Print all entries below exactly as they appear.

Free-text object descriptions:
****************************************
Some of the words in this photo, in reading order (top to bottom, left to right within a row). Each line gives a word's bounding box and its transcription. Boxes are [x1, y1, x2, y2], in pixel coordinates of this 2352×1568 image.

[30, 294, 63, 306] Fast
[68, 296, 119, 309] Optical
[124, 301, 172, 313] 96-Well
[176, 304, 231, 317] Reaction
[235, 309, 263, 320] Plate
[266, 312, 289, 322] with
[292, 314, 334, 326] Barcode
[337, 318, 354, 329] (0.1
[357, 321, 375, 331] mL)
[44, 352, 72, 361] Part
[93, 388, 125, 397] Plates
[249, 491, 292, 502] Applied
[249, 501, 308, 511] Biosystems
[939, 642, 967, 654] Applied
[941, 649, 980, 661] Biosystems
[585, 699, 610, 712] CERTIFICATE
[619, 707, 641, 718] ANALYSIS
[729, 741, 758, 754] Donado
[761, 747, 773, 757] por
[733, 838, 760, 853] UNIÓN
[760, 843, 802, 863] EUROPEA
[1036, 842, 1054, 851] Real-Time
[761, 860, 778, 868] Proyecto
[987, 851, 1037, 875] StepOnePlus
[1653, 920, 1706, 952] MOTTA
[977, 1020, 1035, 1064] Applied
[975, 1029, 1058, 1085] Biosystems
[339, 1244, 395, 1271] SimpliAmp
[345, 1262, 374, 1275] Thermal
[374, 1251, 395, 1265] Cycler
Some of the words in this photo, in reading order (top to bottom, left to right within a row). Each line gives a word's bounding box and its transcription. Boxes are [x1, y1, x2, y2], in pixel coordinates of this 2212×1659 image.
****************************************
■ TASK RESPONSE:
Some of the words in this photo, in reading order (top to bottom, left to right within a row). Each line gives a word's bounding box and its transcription. Boxes are [x1, y1, x2, y2], in pixel coordinates of this 2352×1568 image.

[30, 294, 63, 306] Fast
[68, 296, 119, 309] Optical
[124, 301, 172, 313] 96-Well
[176, 304, 231, 317] Reaction
[235, 309, 263, 320] Plate
[266, 312, 289, 322] with
[292, 314, 334, 326] Barcode
[337, 318, 354, 329] (0.1
[357, 321, 375, 331] mL)
[44, 352, 72, 361] Part
[93, 388, 125, 397] Plates
[249, 491, 292, 502] Applied
[249, 501, 308, 511] Biosystems
[939, 642, 967, 654] Applied
[941, 649, 980, 661] Biosystems
[585, 699, 610, 712] CERTIFICATE
[619, 707, 641, 718] ANALYSIS
[729, 741, 758, 754] Donado
[761, 747, 773, 757] por
[733, 838, 760, 853] UNIÓN
[760, 843, 802, 863] EUROPEA
[1036, 842, 1054, 851] Real-Time
[761, 860, 778, 868] Proyecto
[987, 851, 1037, 875] StepOnePlus
[1653, 920, 1706, 952] MOTTA
[977, 1020, 1035, 1064] Applied
[975, 1029, 1058, 1085] Biosystems
[339, 1244, 395, 1271] SimpliAmp
[345, 1262, 374, 1275] Thermal
[374, 1251, 395, 1265] Cycler
Some of the words in this photo, in reading order (top to bottom, left to right within a row). Each line gives a word's bounding box and its transcription. Boxes are [x1, y1, x2, y2], in pixel coordinates of this 2212×1659 image.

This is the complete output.